To paraphrase the famous quotation; only two things in life are inevitable – death and taxes.
And, of these inevitabilities, death isn’t a voluntary option but paying many taxes is. Income Tax and VAT are hard to avoid as we all want to earn and spend but one tax that can have a significant impact but can be avoided with some degree of pre-planning is Inheritance Tax.
The main time we will come across Inheritance Tax is when dealing with the Estate of a recently deceased loved one. HMRC will not allow the Estate to be dealt with until they have their share of it and that can run into many tens, or even hundreds, of thousands of pounds.
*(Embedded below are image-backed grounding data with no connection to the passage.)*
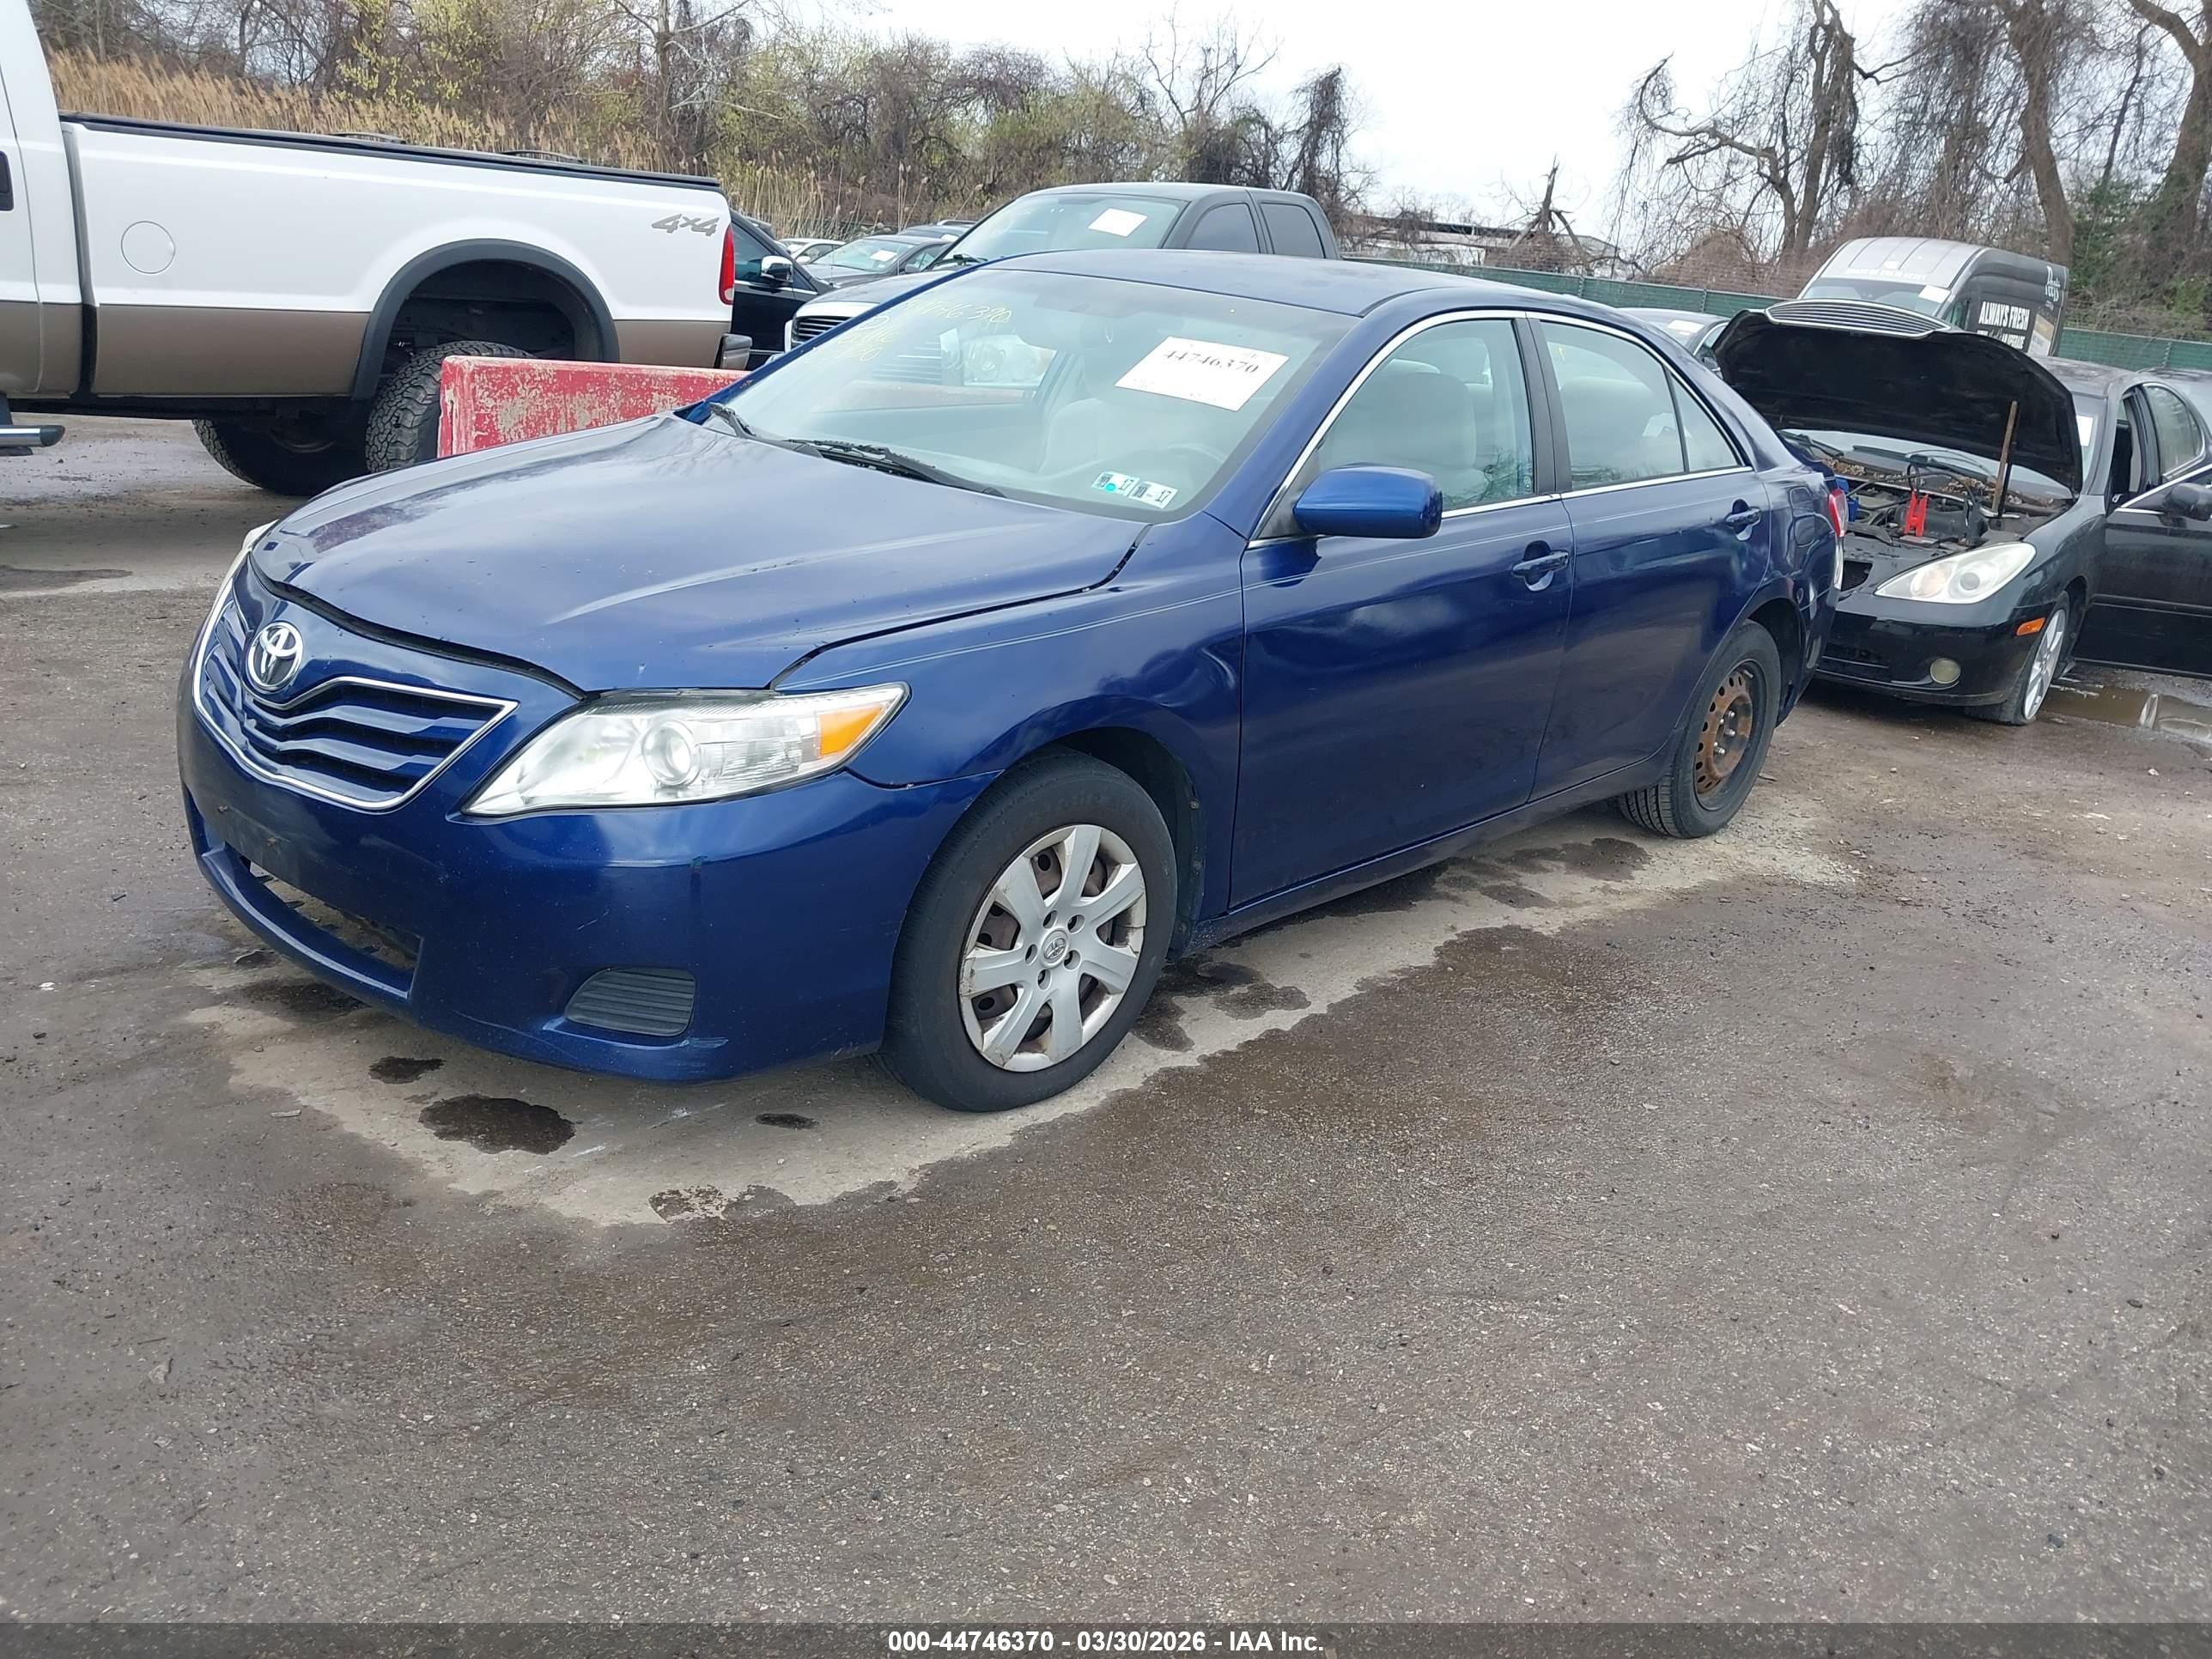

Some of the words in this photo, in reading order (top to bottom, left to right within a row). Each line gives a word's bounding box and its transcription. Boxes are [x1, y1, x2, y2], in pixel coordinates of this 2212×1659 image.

[651, 213, 720, 236] 4x4
[1978, 301, 2010, 327] ALWAYS
[2008, 306, 2031, 331] FRESH
[1164, 349, 1259, 373] 44746370
[1118, 478, 1134, 491] 17
[1155, 489, 1173, 503] 17
In simple terms, if your assets exceed £325,000 on death, HMRC want 40% of the excess. This limit has been fixed for a number of years and, inevitably, more and more people who would have considered Inheritance Tax something that only rich people need to worry about have been swept up in the net.
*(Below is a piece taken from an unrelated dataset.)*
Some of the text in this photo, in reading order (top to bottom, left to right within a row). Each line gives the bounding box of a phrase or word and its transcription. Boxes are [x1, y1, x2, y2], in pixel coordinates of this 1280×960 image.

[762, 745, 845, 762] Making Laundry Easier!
Political pressure has seen the introduction of the transferable allowance (any unused amount passes to your spouse to be used on their death) and the Principal Private Residence exemption which have reduced the burden to some extent but Inheritance Tax should not be considered as only applying to the super wealthy. It could well apply to you!
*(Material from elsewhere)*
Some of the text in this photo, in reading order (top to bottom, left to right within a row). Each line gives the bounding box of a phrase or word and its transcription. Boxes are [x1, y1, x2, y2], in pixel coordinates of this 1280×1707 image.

Against this background, many schemes have surfaced that claim to solve the Inheritance Tax problem that many people will face as property owners, particularly where most of someone’s assets are their home.
The most obvious one here is transferring your property into the names of your children but living in it until death. Unless you pay a commercial rent between the date of transfer and your death, HMRC will consider this a Gift with Reservation, and disqualify the transaction meaning it will be assessable against Inheritance Tax. The only result will be not only the tax you would have paid but also the fees involved in setting up the deal, leaving you as the only loser.
Having said the above, not all assets fall within Inheritance Tax. The value of family businesses can usually be excluded, albeit conditions do apply here.
Also, gifts that have been made to people – related or not (again, conditions apply as to how much, who and when) – will fall outside the Estate if they were made more than 7 years before death.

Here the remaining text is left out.